In my case I might be choosing the safer option, which I think would be a sensible choice to make (don't need to make life, and especially the writing life, harder than it is), but fiction is also where I can write best.

Norah Colvin link
17/1/2016 07:00:54 am

You do it well! :)

Reply
Mrs Sherri Matthews link
19/1/2016 05:37:11 pm

Hi Anne, I am at last getting a chance to read your wonderful post, which I bookmarked along with so many and having to 'creep' in when I have a moment. I am once more thrilled to see the ongoing literary discussions of fiction and memoir continuing here! I have yet to write my post for Irene's excellent sociological 'experiment' challenge, but I fear that mine will be so very similar to yours that you might think I'm copying! I am convinced that my first proper sit down restaurant meal was Chinese, except that my take is that it was with my dad after my parents split up. But your Wimpy and Pizza experiences are so similar! And I grew up in first Surrey, then Suffolk! I was interested to read yours and Norah's conversation about Indian restaurants. I don't remember ever eating in one growing up. I certainly didn't in America (got used to Mexican though!) and didn't have my first Indian meal until I met Hubby, since by the time I returned to the UK, Indian food was hugely popularity here. I loved your book excerpt, whetting my appetite even more - no pun intended :-) Thank you to for the the link to the memoir article, which I have also bookmarked for a later read. Loved your story of B and S and the 'dodgy' man on the train. Great memoir fodder that Anne :-)

Reply
Annecdotist
21/1/2016 04:44:09 pm

Thank you, Sherri, and indeed our experiences do sound similar.
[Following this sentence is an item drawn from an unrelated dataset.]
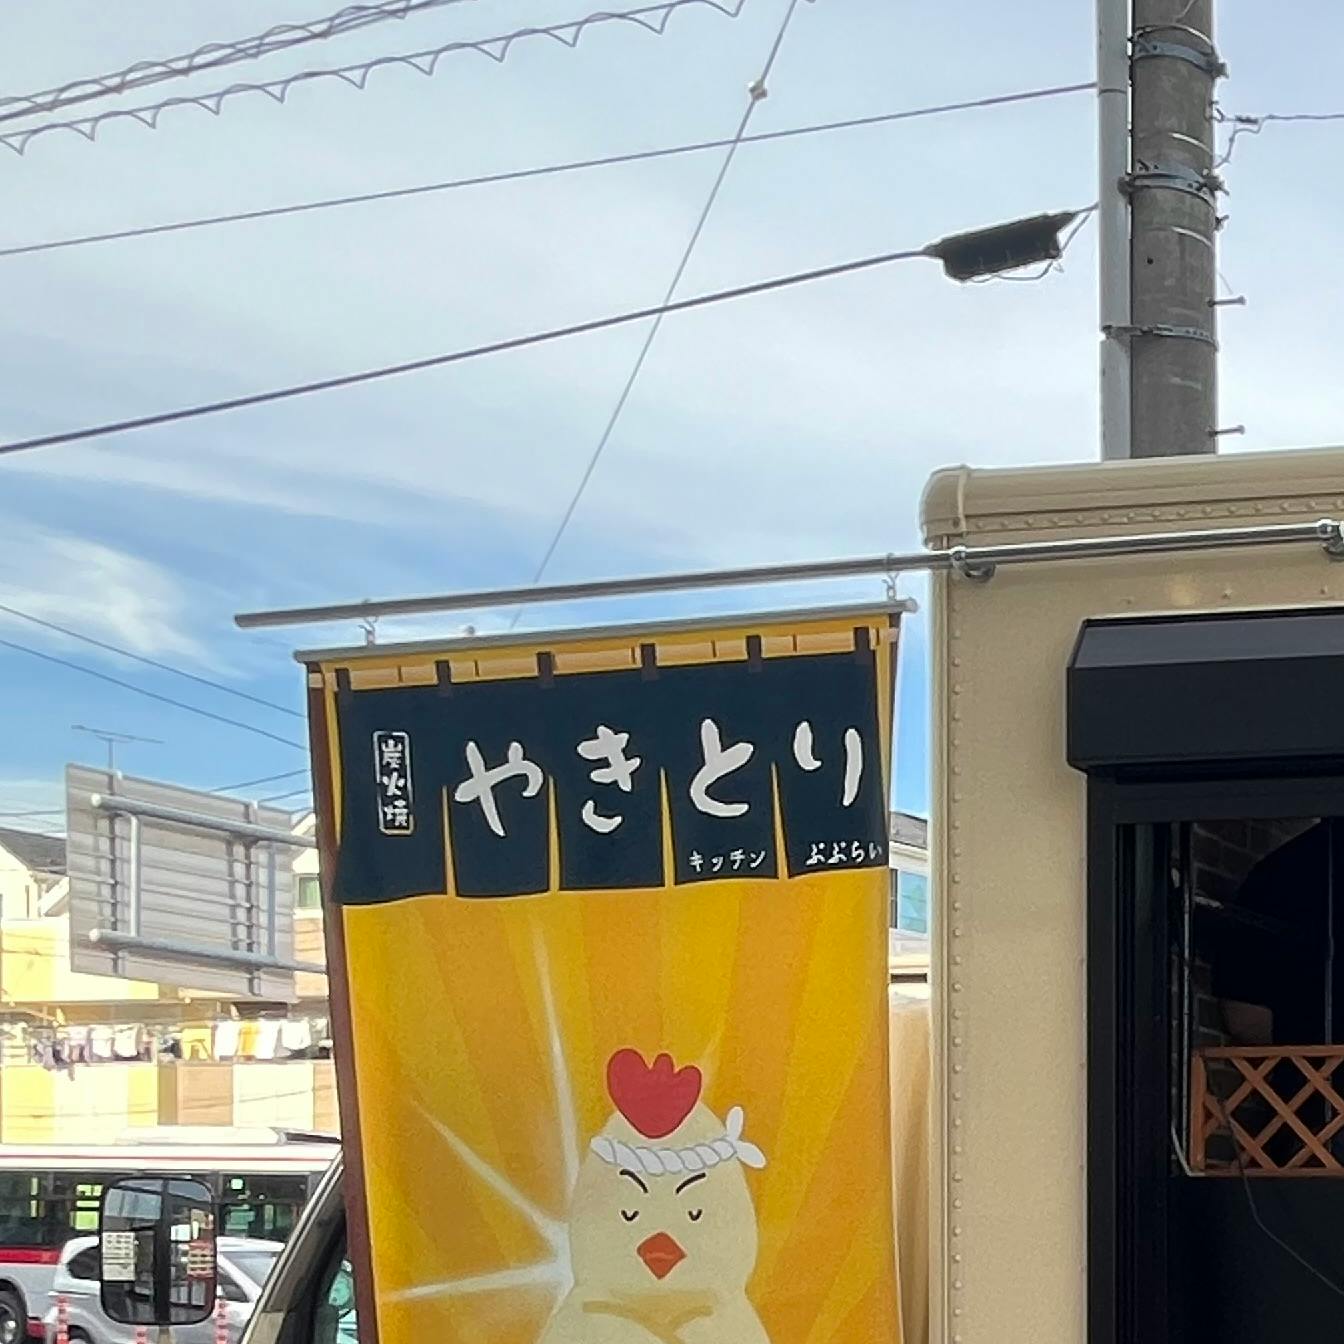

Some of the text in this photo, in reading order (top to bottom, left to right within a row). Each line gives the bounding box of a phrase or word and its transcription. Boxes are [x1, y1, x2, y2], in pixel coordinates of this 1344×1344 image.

[380, 738, 408, 826] 炭火焼
[454, 718, 863, 837] やきとり
[689, 849, 766, 873] キッチン
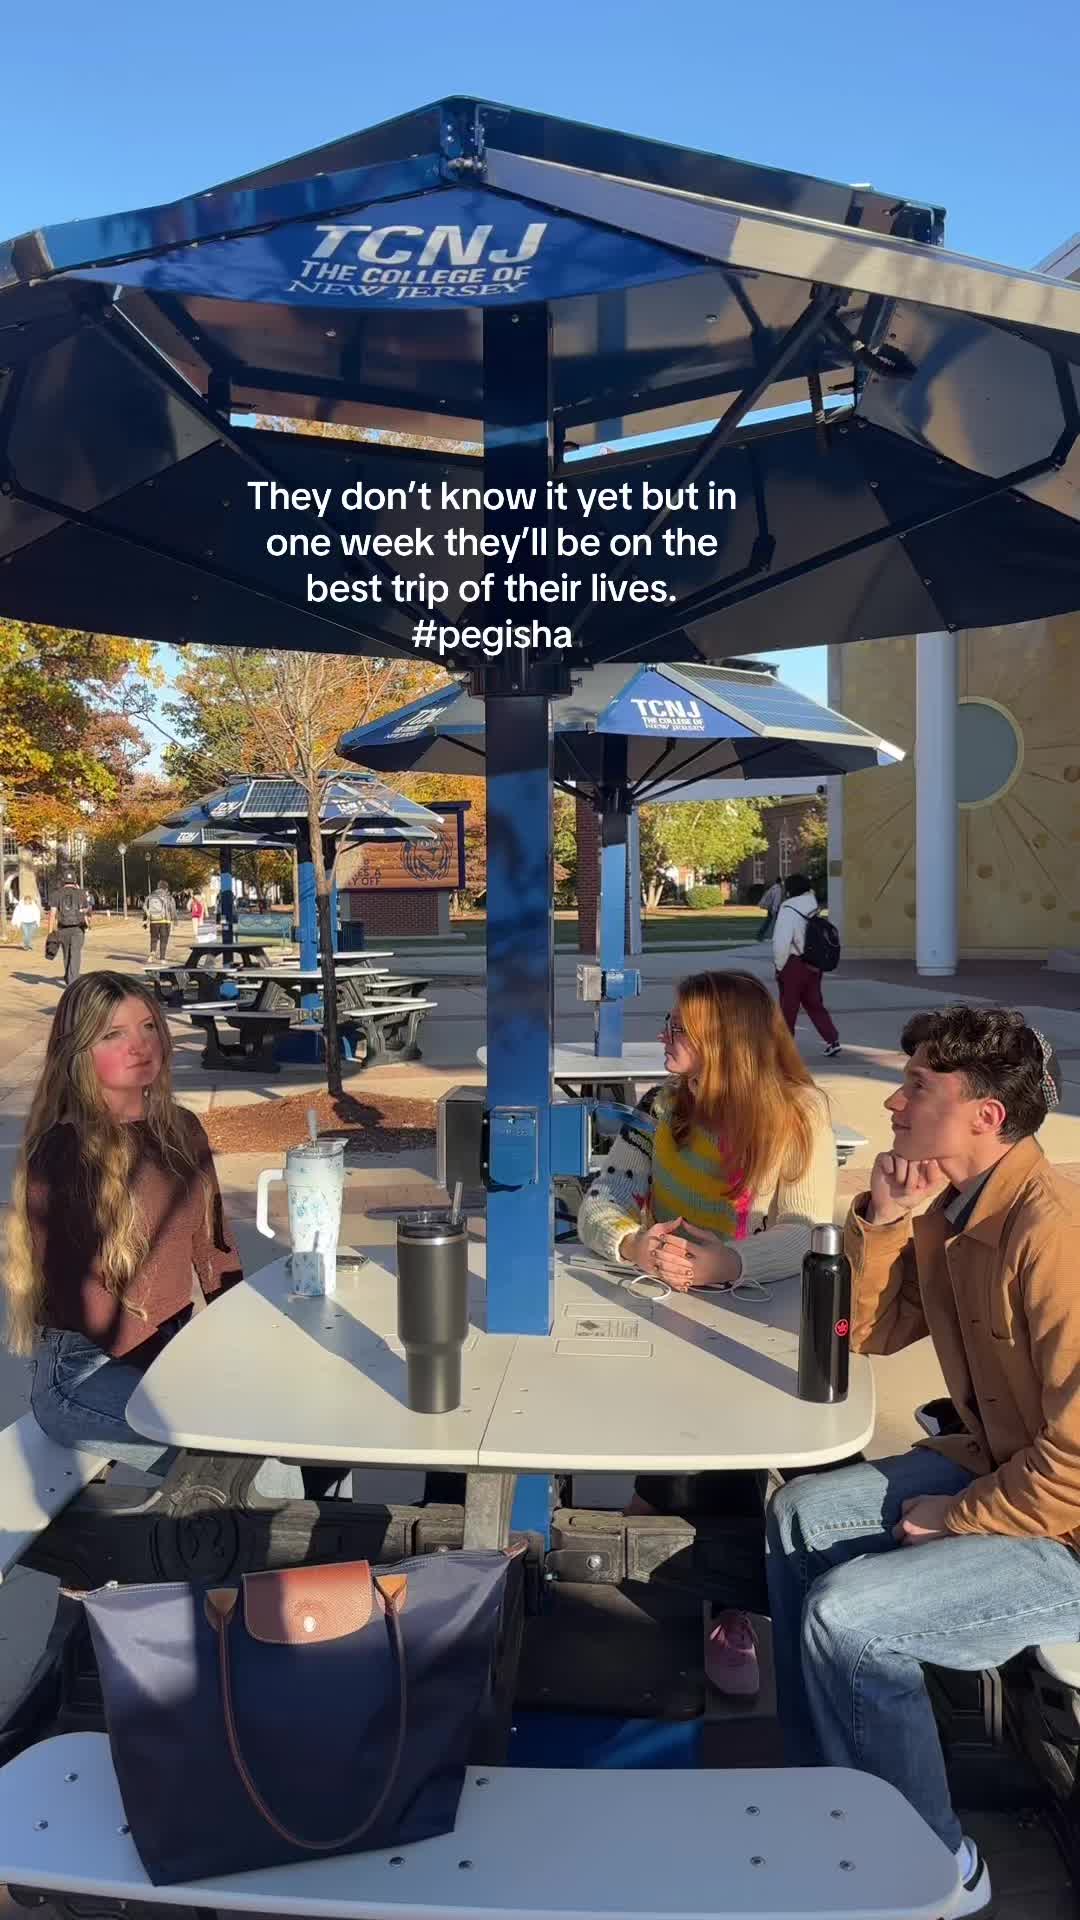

I hope Irene gets more diversity when the results are finally in!
I'd certainly be interested in your thoughts on the article about memoir, and coming from a memoirist it's certainly supportive of the endeavour. But as to memoir fodder, I think that's it for me: the interesting bits are too painful and the painless memories are not so interesting, and need a certain amount of poetic licence to beef (says this vegetarian) them up.